(Exercise goal)
Repeat each entry exactly and drop the pictures.

::::

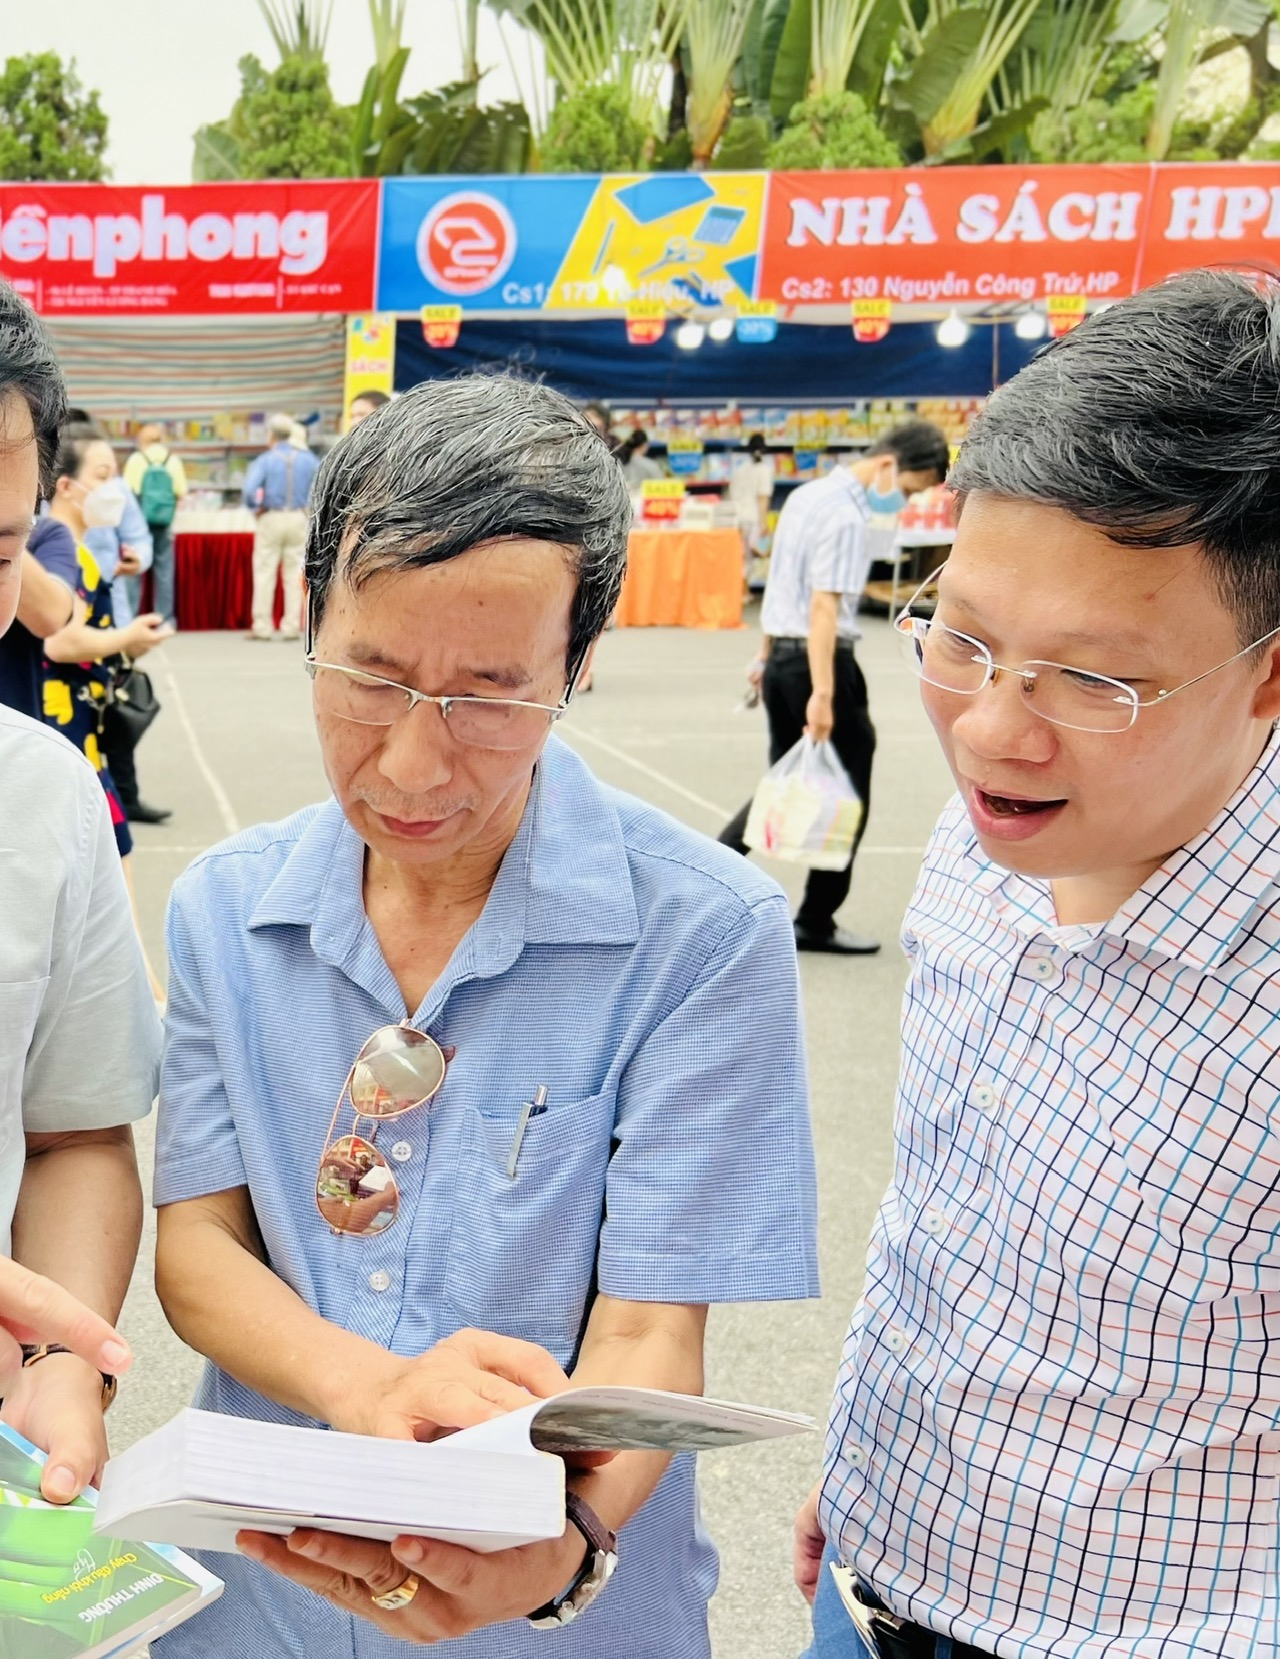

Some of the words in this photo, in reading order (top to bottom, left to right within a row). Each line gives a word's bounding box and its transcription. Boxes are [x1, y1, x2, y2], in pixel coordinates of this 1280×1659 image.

[786, 182, 938, 247] NHÀ
[956, 180, 1142, 243] SÁCH
[781, 276, 833, 300] Cs2:
[840, 276, 879, 299] 130
[975, 273, 1036, 300] Công

::::

(Exercise answer)
Some of the words in this photo, in reading order (top to bottom, left to right within a row). Each line gives a word's bounding box and its transcription. Boxes are [x1, y1, x2, y2], in pixel coordinates of this 1280×1659 image.

[786, 182, 938, 247] NHÀ
[956, 180, 1142, 243] SÁCH
[781, 276, 833, 300] Cs2:
[840, 276, 879, 299] 130
[975, 273, 1036, 300] Công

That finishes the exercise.